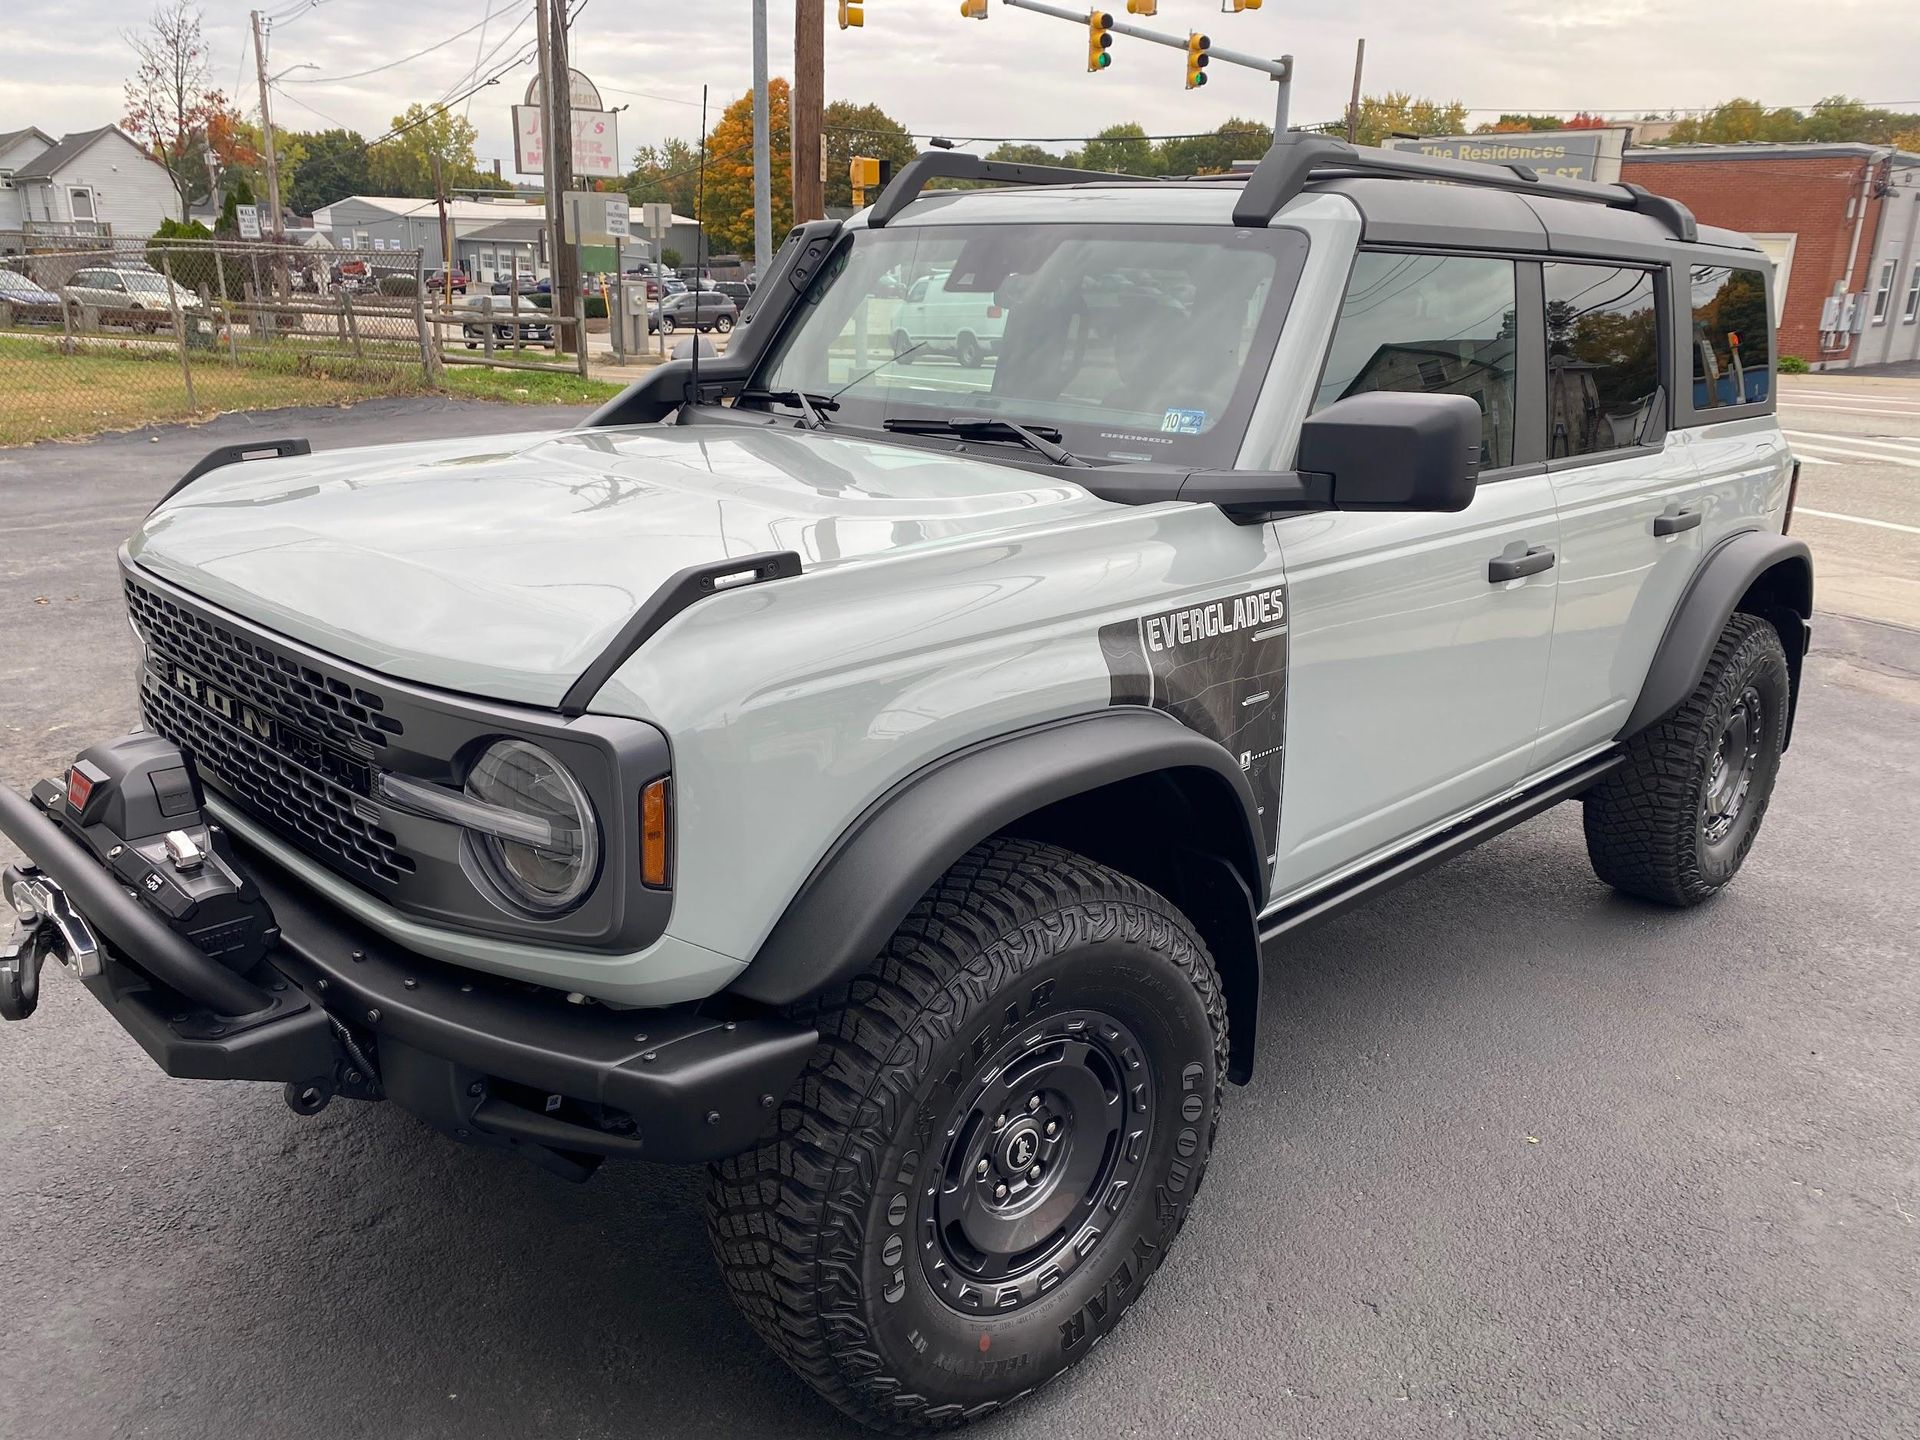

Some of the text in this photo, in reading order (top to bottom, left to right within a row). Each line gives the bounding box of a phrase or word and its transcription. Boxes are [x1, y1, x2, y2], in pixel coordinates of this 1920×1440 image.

[527, 151, 612, 169] MKET
[1420, 144, 1565, 161] The Residences
[1165, 413, 1179, 429] 10
[1146, 588, 1284, 652] EVERGLADES
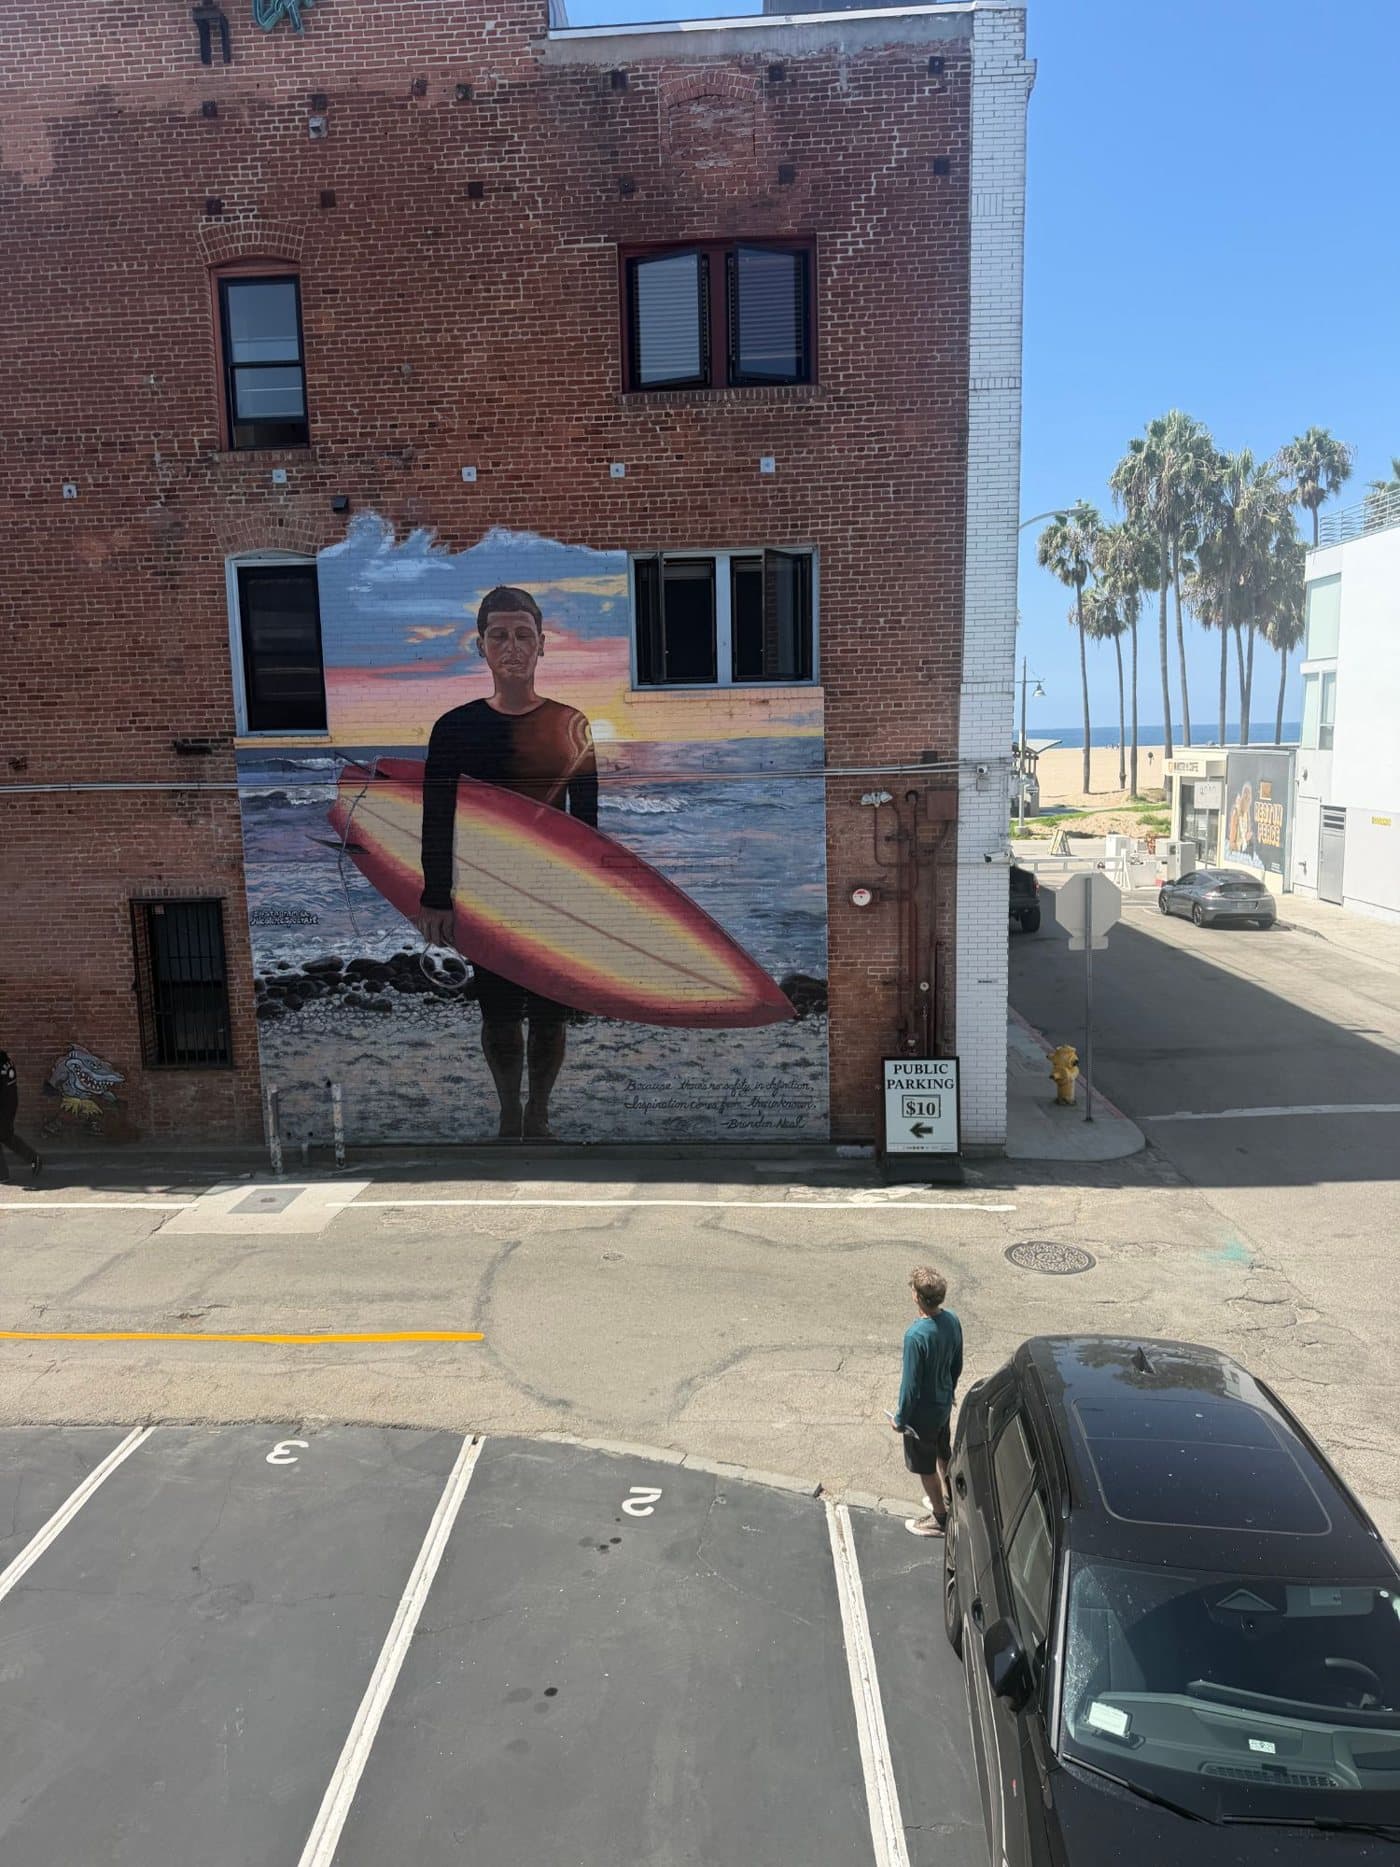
#####
When you reach a picture, pass over it; write out all other material exactly.

Some of the text in this photo, in reading order (top to bottom, left to right within a row). Each line gives the bounding box of a phrase or word and its transcription. Boxes are [x1, y1, x2, y2], in pixel coordinates of this 1920×1440 image.

[527, 151, 612, 169] MKET
[1420, 144, 1565, 161] The Residences
[1165, 413, 1179, 429] 10
[1146, 588, 1284, 652] EVERGLADES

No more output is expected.